Martha Jungwirth
1940, born in Vienna (Austria)
Lives and works in Vienna (Austria)
Martha Jungwirth has occupied an important position in Austrian art history since the 1960s. After her studies at the Academy of Applied Arts in Vienna from 1956 to 1963, Jungwirth appeared in
public with works in various media, such as pencil drawings, watercolors, and works in oil and ink. In 1968 she was the sole woman among the founding members of the loose “Wirklichkeiten”
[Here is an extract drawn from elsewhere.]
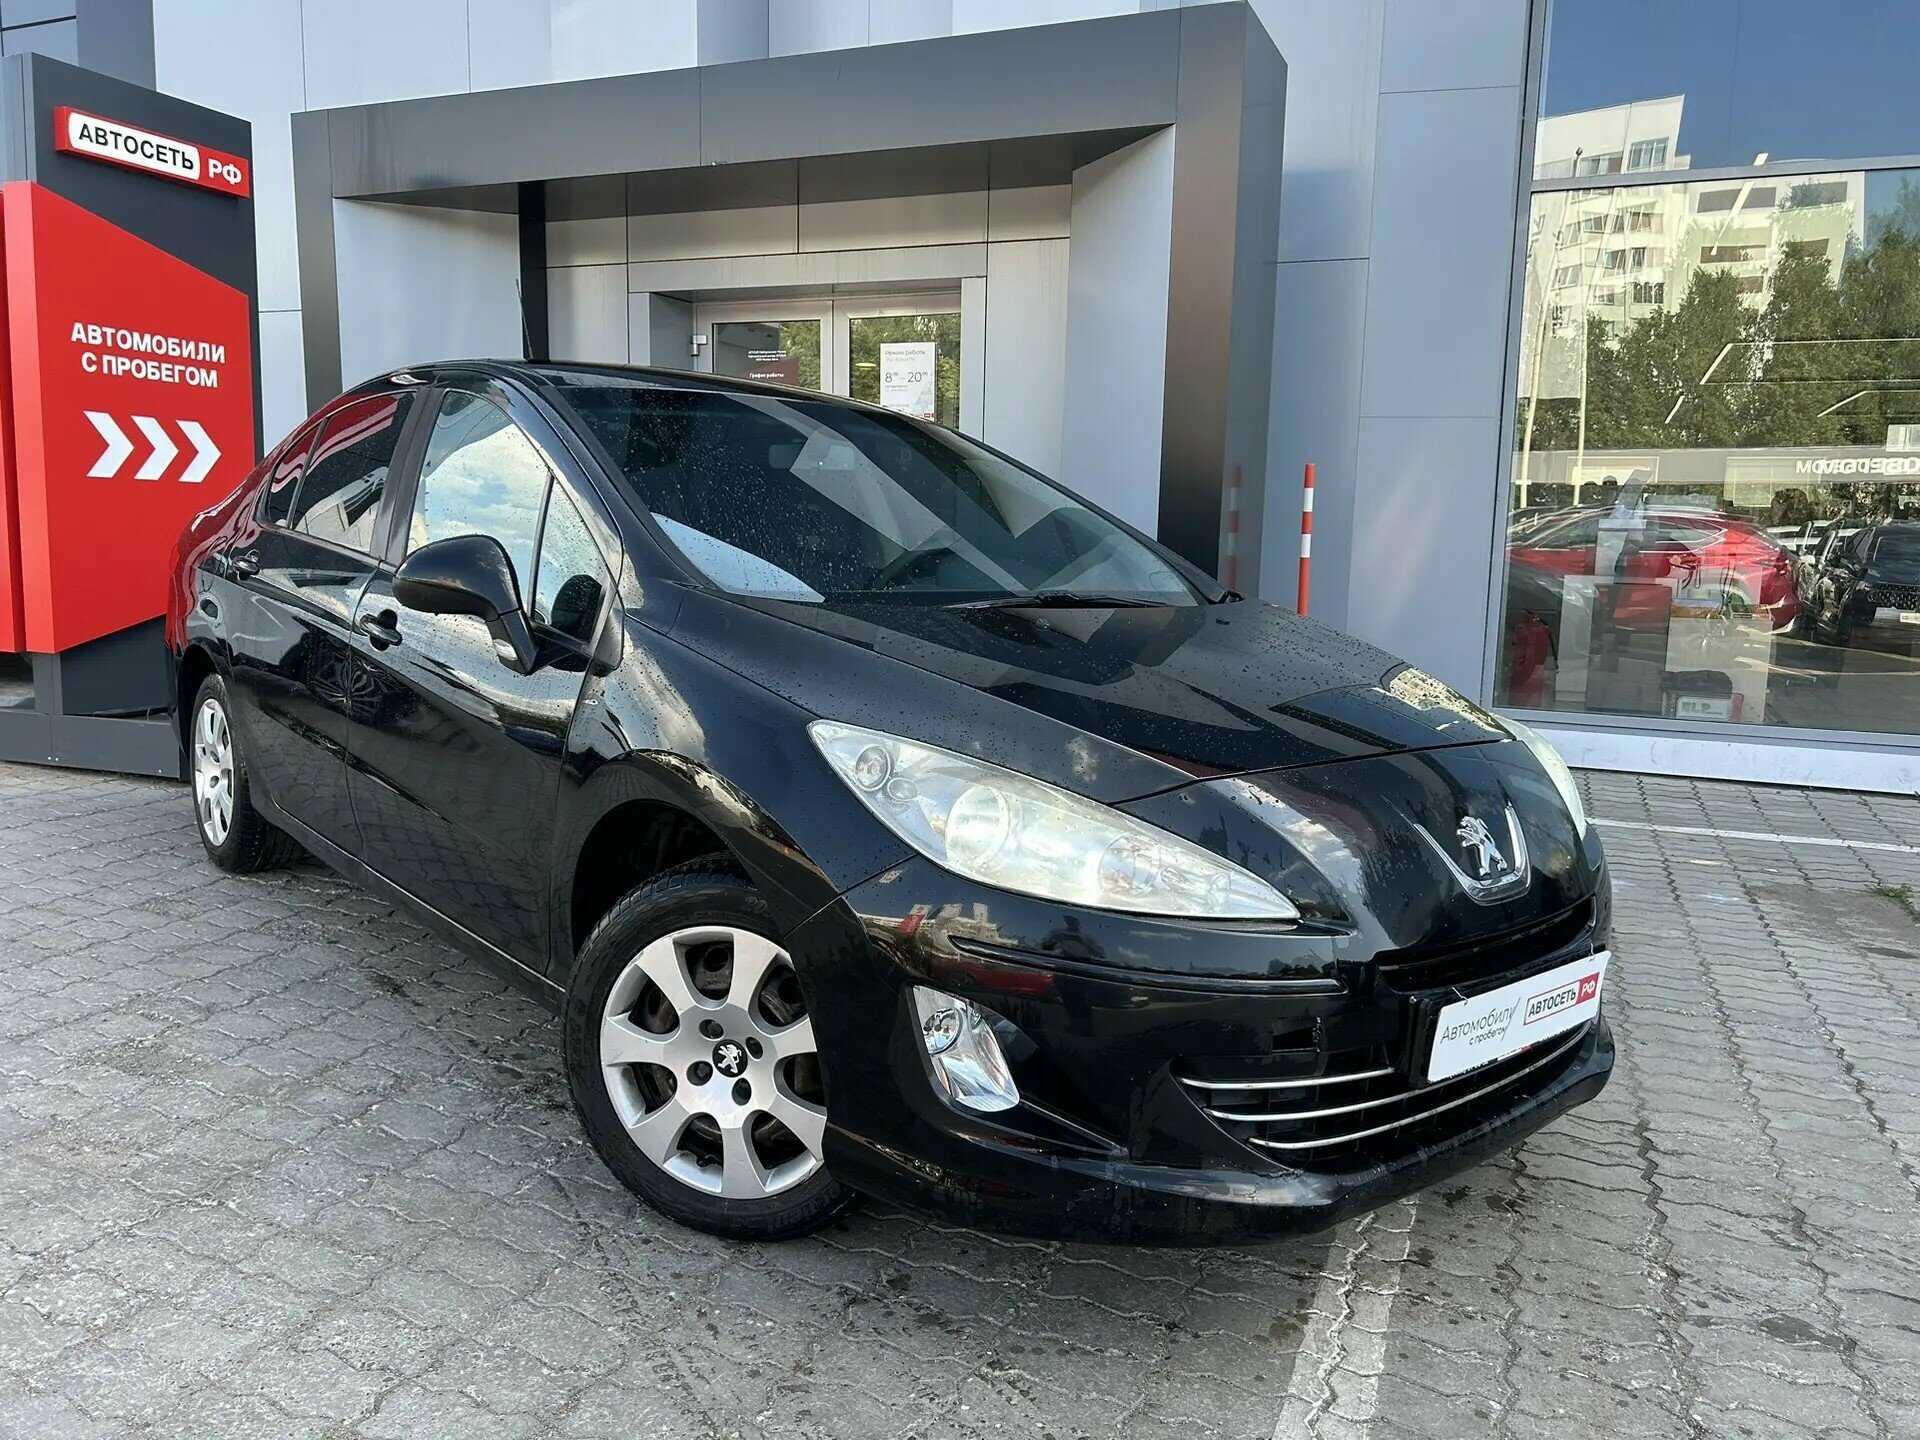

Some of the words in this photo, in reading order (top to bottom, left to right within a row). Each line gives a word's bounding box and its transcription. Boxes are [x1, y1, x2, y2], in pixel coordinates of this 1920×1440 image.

[“Realities”] group of artists, yet even then she pursued her own, distinctive path, oscillating between gesturally abstract and formal compositions. [...] Jungwirth’s painting process emerges
from a combination of intuitive spontaneity and control of her aesthetic principles at the same time. This tension between the unconscious and the calculated, between gesture, form, trace and
color, provides the environment for the artist not only to examine mirror images of her inner moods, but also the essential basic principles of painting. Her creative process is, in effect, one
of continuous experimentation with an open outcome: Reacting to sudden impulses, Jungwirth places energetic, colorful marks on canvas or paper that then, through layering, overlapping and
blurring, all at once recede, as the ambivalent act of showing and hiding sets the pictorial plane in motion. Her resolutely impulsive working method, however, always comes through. Coincidence
and energetic intuition, with all the corrections, stains and streaks they bring to the painting process, remain visible and create a richly varied atmosphere in works that range from the
seemingly ephemeral, transparent to the dense and pastose.
Martha Jungwirth’s characteristic compositions, which perform an elegant balancing act on the thin line between realism and abstraction, and distinguish themselves through their eruptive,
gestural style as well as their powerful colors, are poetic and dramatic representations of experiences, emotions and memories that convey a deep awareness of the immeasurableness of reality.
(Text: Hans-Peter Wipplinger in: Martha Jungwirth. Retrospective, published on the occasion of the exhibition at Kunsthalle Krems 2014.)
Martha Jungwirth studied at the University of Applied Arts of Vienna in the class of Prof. Carl Unger. She taught in the same school between 1967 and 1977 and later at the International Summer
Academy in 1991 and the Summer Academy in Berlin in 1992. Through her artistic career, Martha Jungwirth received several awards, among them the Oskar-Kokoschka-Preis in 2018. Some of her major
solo and group exhibitions include Kunsthalle Düsseldorf, Düsseldorf, Germany, Museum Liaunig, Neuhaus, Austria, Kunsthaus Bregenz, Kunsthaus Zug, Albertina Modern, Vienna, Museum der Moderne,
Salzburg, Austria, Leopold Museum, Vienna, Austria, Belvedere 21, Vienna, Austria, Essl Museum. Kunst der Gegenwart, Klosterneuburg/Vienna, Austria, MUSA, Vienna, Austria, Kunsthalle Krems,
Krems, Austria, Bank Austria Kunstforum, Vienna, Austria, Museum Moderner Kunst – Stiftung Wörlen, Passau, Germany, Museum des 20. Jahrhunderts, Vienna, Austria, documenta 6, Fridericianum,
Kassel, Germany, Secession, Vienna, Austria, Österreichischer Pavillon Expo 1967, Montreal, Canada, Secession, Vienna, Austria.